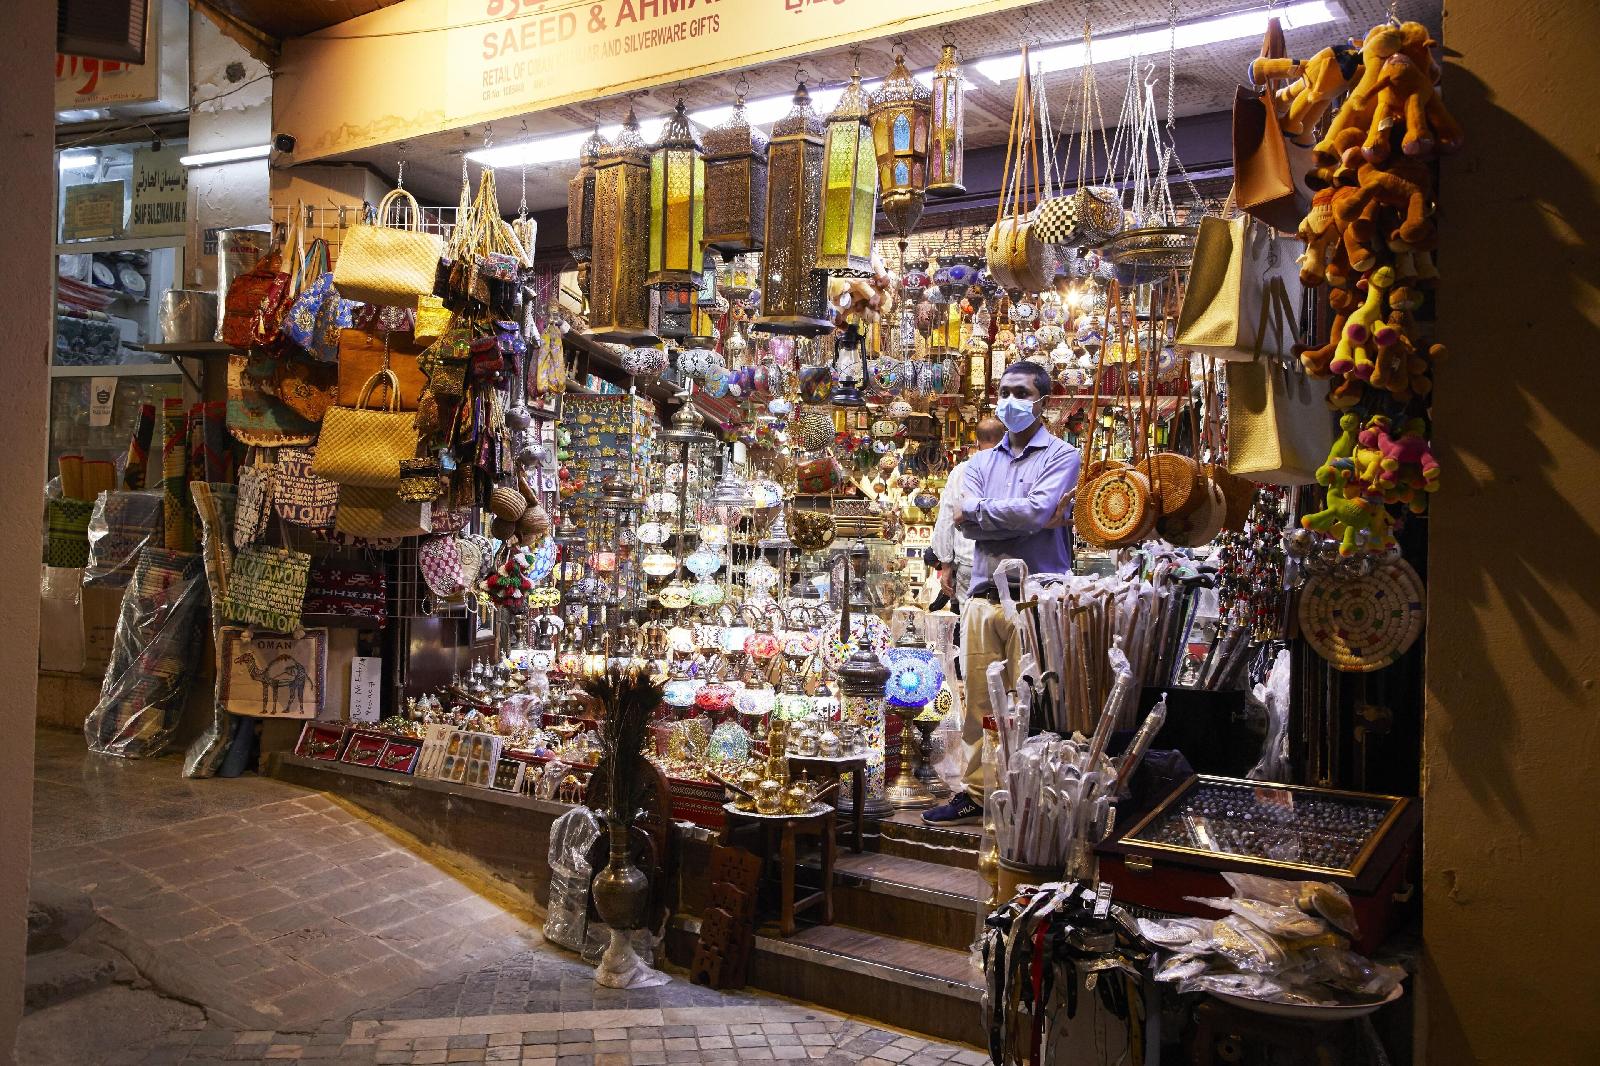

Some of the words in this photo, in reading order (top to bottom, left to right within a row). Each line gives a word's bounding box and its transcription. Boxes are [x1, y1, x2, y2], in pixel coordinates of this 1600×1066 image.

[482, 12, 577, 60] SAEED
[587, 4, 607, 33] &
[482, 64, 512, 88] RETAIL
[602, 39, 621, 57] AND
[624, 22, 687, 54] SILVERWARE
[689, 13, 720, 38] GIFTS
[134, 203, 147, 225] SAIF
[257, 640, 293, 650] OMAN

::::::

■ Exercise instructions
Reproduce all the records verbatim, excluding images.

■ Answer to the exercise
Some of the words in this photo, in reading order (top to bottom, left to right within a row). Each line gives a word's bounding box and its transcription. Boxes are [x1, y1, x2, y2], in pixel coordinates of this 1600×1066 image.

[482, 12, 577, 60] SAEED
[587, 4, 607, 33] &
[482, 64, 512, 88] RETAIL
[602, 39, 621, 57] AND
[624, 22, 687, 54] SILVERWARE
[689, 13, 720, 38] GIFTS
[134, 203, 147, 225] SAIF
[257, 640, 293, 650] OMAN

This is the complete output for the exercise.